→ **What is being asked**: Where a record holds a picture, leave the picture out; otherwise repeat every record exactly.
*** Opening of Extracted material ***
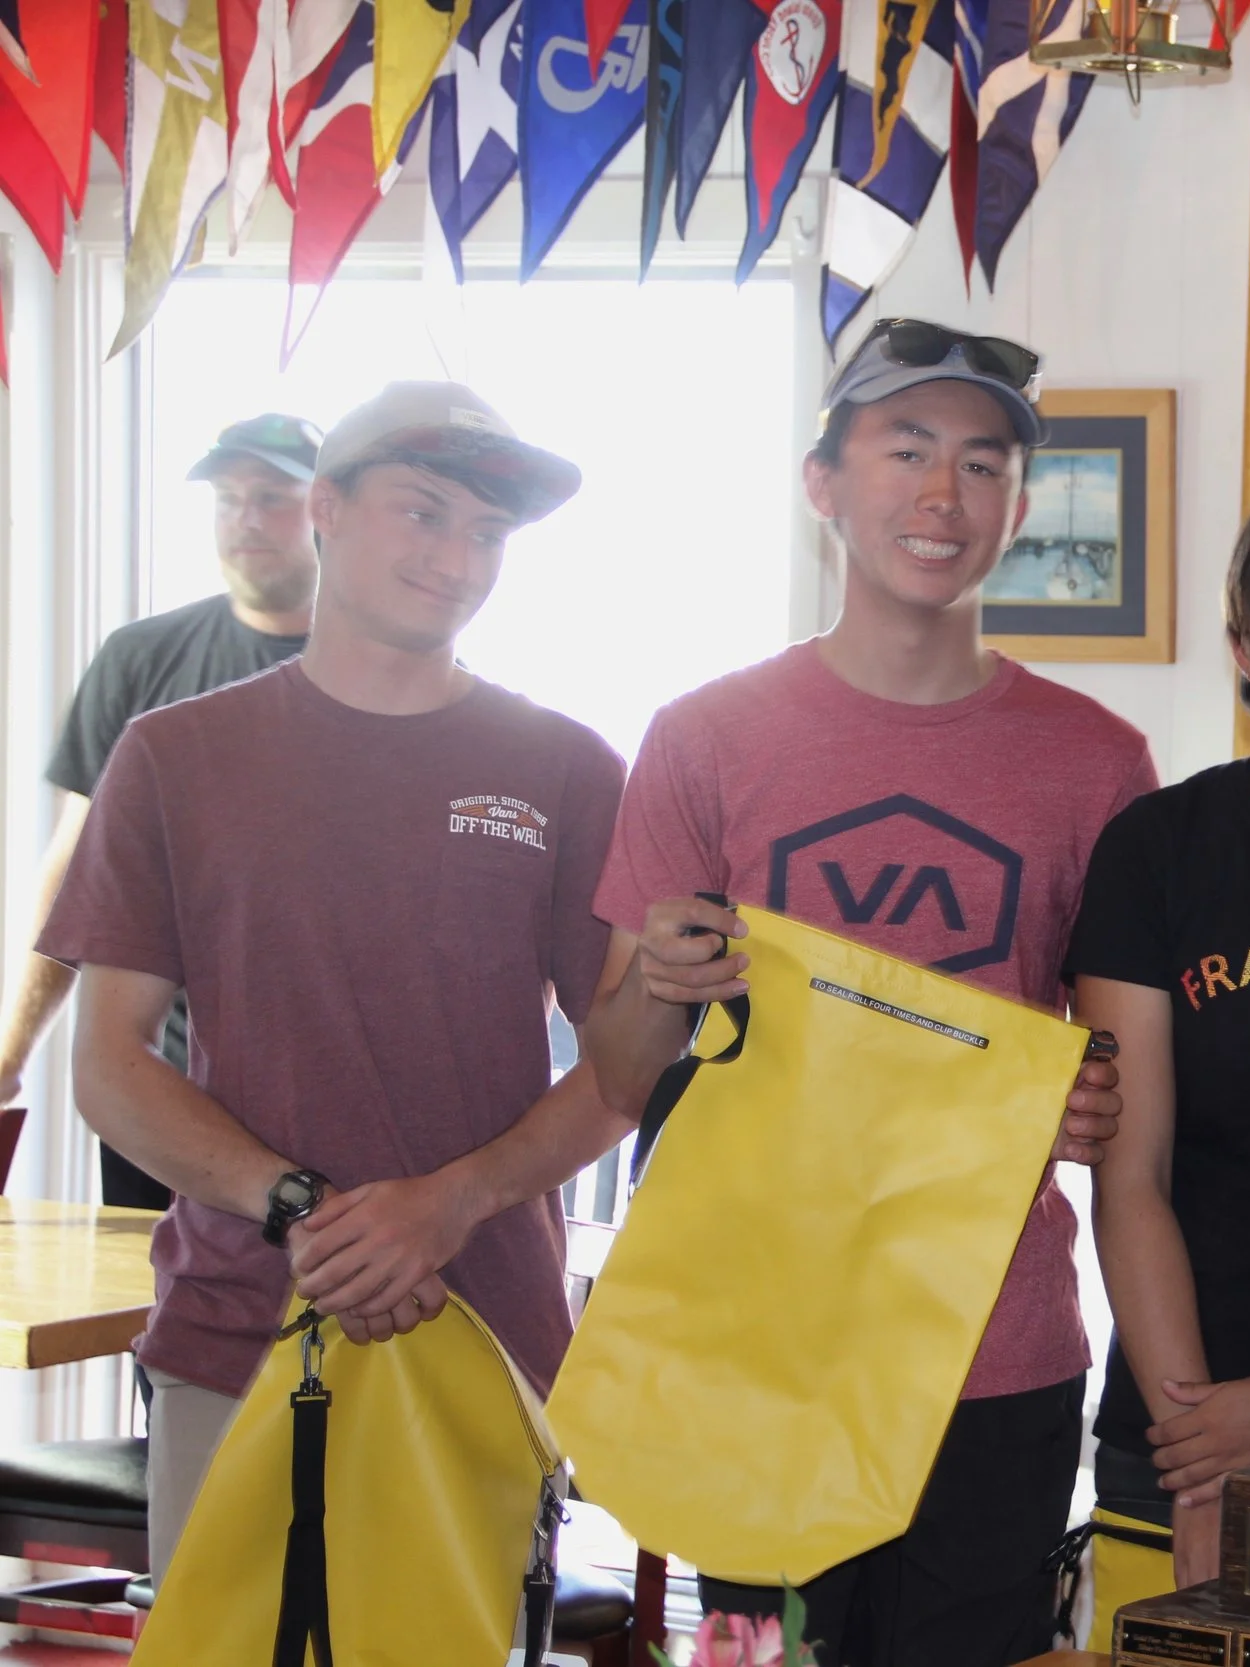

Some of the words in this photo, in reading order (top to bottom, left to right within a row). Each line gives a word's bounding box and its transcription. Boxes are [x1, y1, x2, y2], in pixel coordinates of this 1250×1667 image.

[450, 795, 500, 810] ORIGINAL
[501, 796, 530, 813] SINCE
[487, 805, 519, 820] Vans
[450, 813, 479, 833] OFF
[480, 818, 510, 839] THE
[512, 824, 546, 851] WALL
[814, 979, 826, 990] TO
[826, 984, 847, 999] SEAL
[847, 991, 868, 1006] ROLL
[868, 1000, 892, 1014] FOUR
[892, 1008, 917, 1023] TIMES
[916, 1016, 934, 1029] AND
[934, 1023, 953, 1035] CLIP
[953, 1030, 985, 1047] BUCKLE
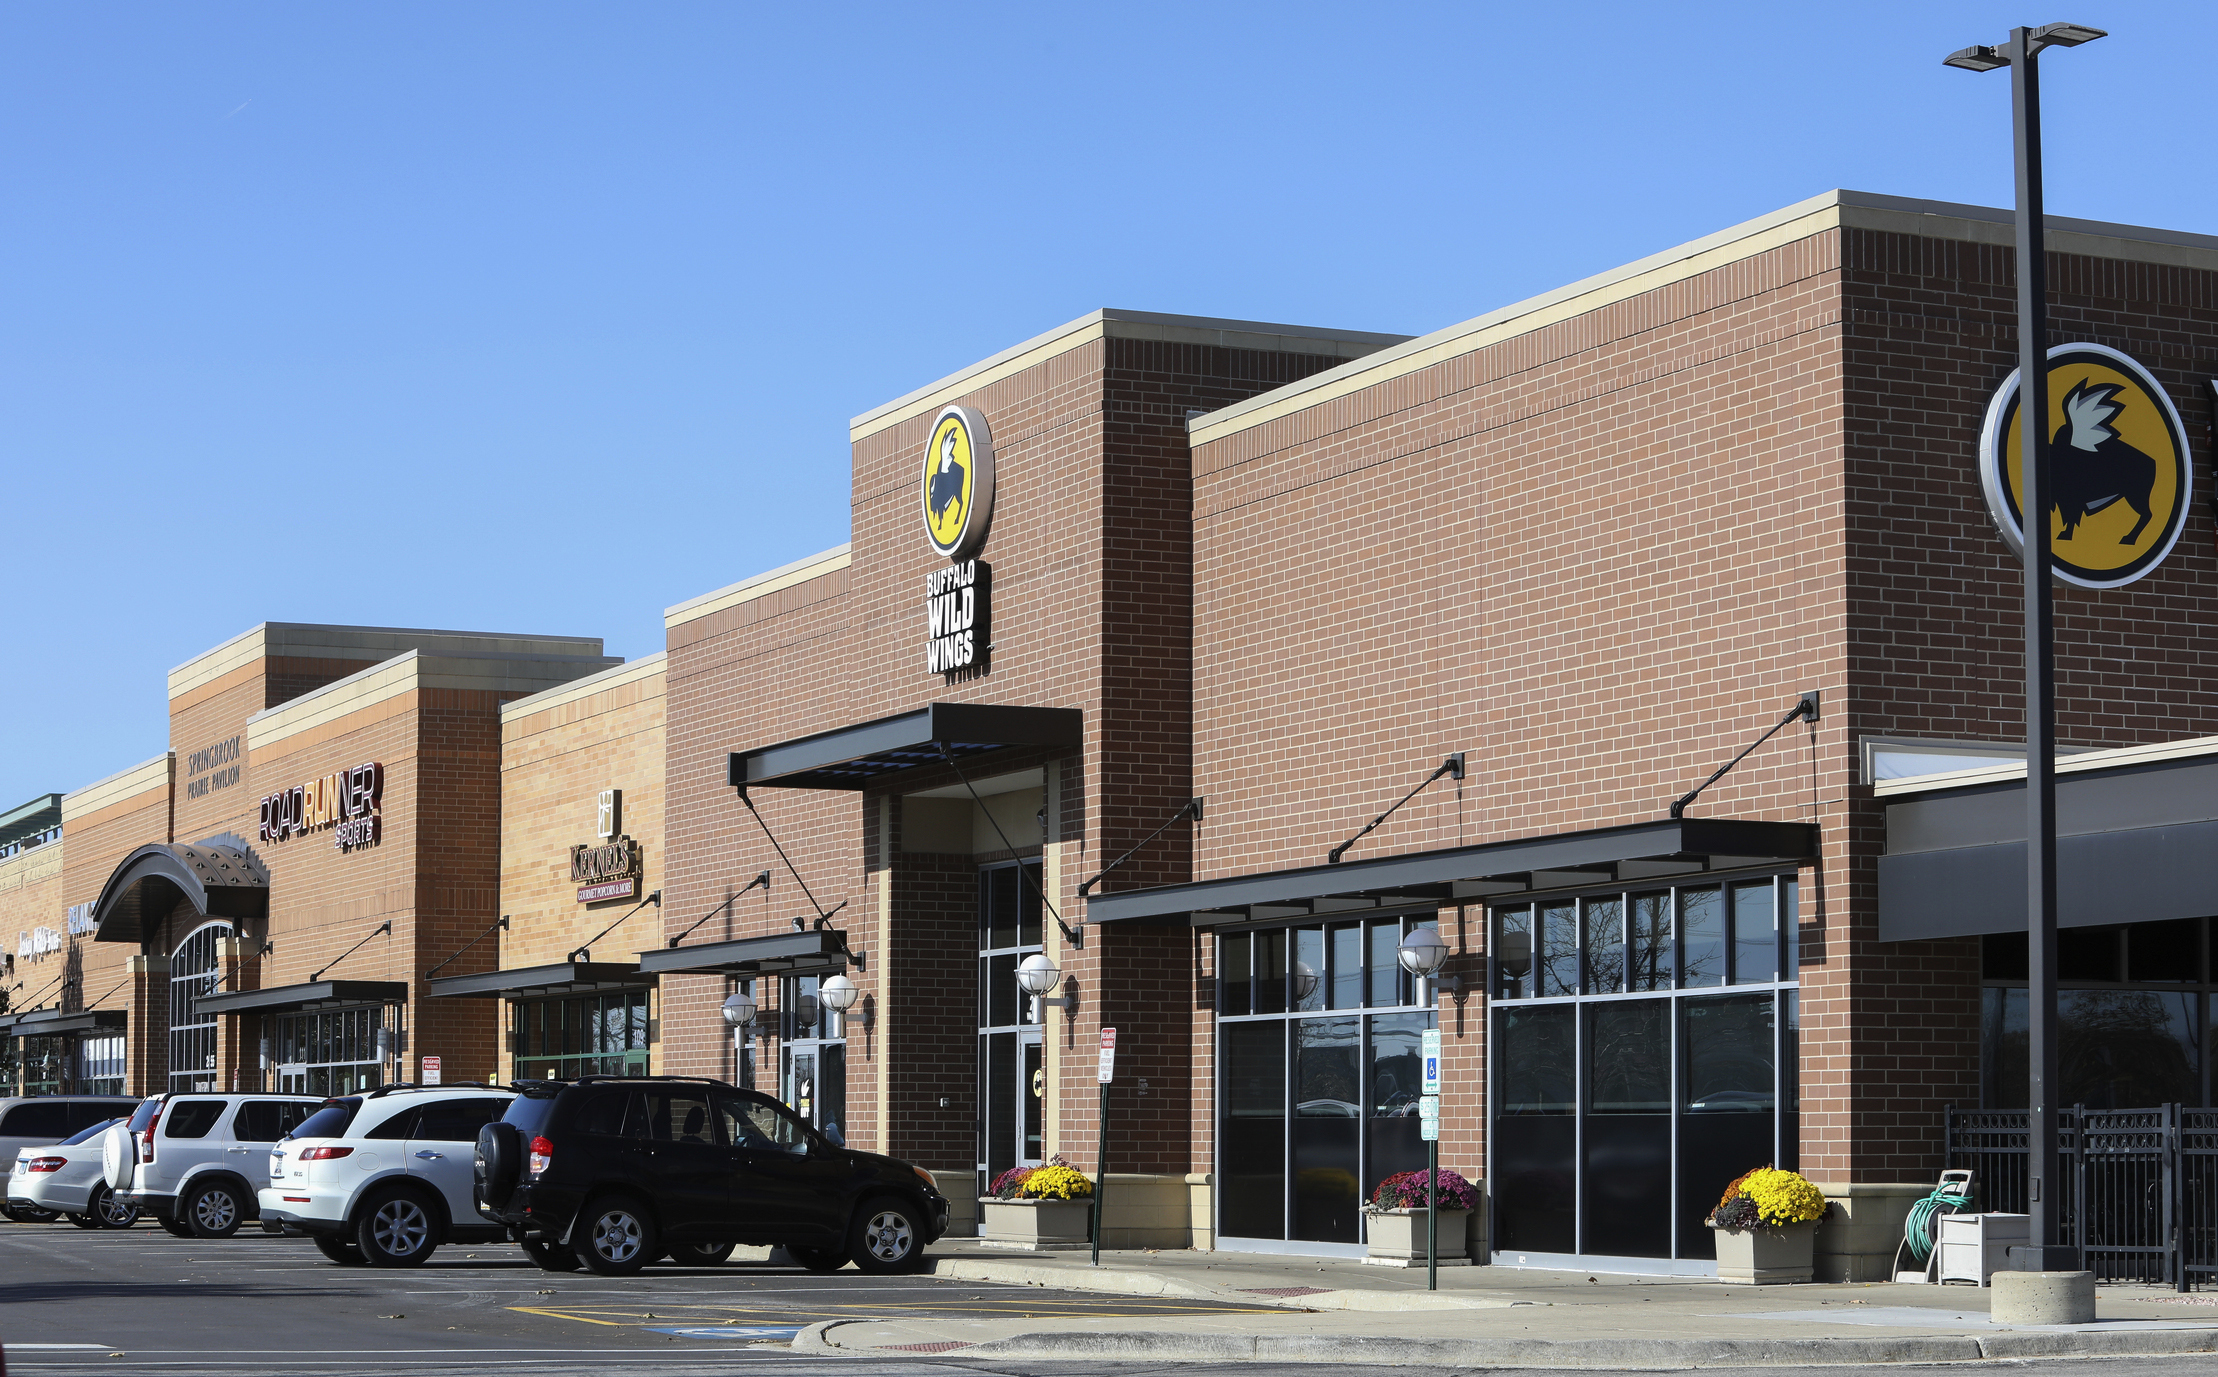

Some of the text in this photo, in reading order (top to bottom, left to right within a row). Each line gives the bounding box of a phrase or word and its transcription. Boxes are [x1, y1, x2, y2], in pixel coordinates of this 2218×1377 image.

[926, 559, 975, 598] BUFFALO
[926, 586, 975, 640] WILD
[925, 629, 974, 675] WINGS
[187, 734, 240, 777] SPRINGBROOK
[187, 764, 240, 801] PRAIRIE PAVILION
[259, 761, 376, 843] ROADRUNNER
[334, 814, 374, 850] SPORTS
[570, 834, 629, 883] KERNEL'S
[577, 887, 598, 901] GOURMET
[597, 884, 616, 898] POPCORN
[619, 881, 632, 894] MORE
[1423, 1036, 1440, 1044] RESERVED
[1424, 1047, 1439, 1055] PARKING
*** Close of Extracted material ***
→ **Exercise answer**:
Some of the words in this photo, in reading order (top to bottom, left to right within a row). Each line gives a word's bounding box and its transcription. Boxes are [x1, y1, x2, y2], in pixel coordinates of this 1250×1667 image.

[450, 795, 500, 810] ORIGINAL
[501, 796, 530, 813] SINCE
[487, 805, 519, 820] Vans
[450, 813, 479, 833] OFF
[480, 818, 510, 839] THE
[512, 824, 546, 851] WALL
[814, 979, 826, 990] TO
[826, 984, 847, 999] SEAL
[847, 991, 868, 1006] ROLL
[868, 1000, 892, 1014] FOUR
[892, 1008, 917, 1023] TIMES
[916, 1016, 934, 1029] AND
[934, 1023, 953, 1035] CLIP
[953, 1030, 985, 1047] BUCKLE

Some of the text in this photo, in reading order (top to bottom, left to right within a row). Each line gives the bounding box of a phrase or word and its transcription. Boxes are [x1, y1, x2, y2], in pixel coordinates of this 2218×1377 image.

[926, 559, 975, 598] BUFFALO
[926, 586, 975, 640] WILD
[925, 629, 974, 675] WINGS
[187, 734, 240, 777] SPRINGBROOK
[187, 764, 240, 801] PRAIRIE PAVILION
[259, 761, 376, 843] ROADRUNNER
[334, 814, 374, 850] SPORTS
[570, 834, 629, 883] KERNEL'S
[577, 887, 598, 901] GOURMET
[597, 884, 616, 898] POPCORN
[619, 881, 632, 894] MORE
[1423, 1036, 1440, 1044] RESERVED
[1424, 1047, 1439, 1055] PARKING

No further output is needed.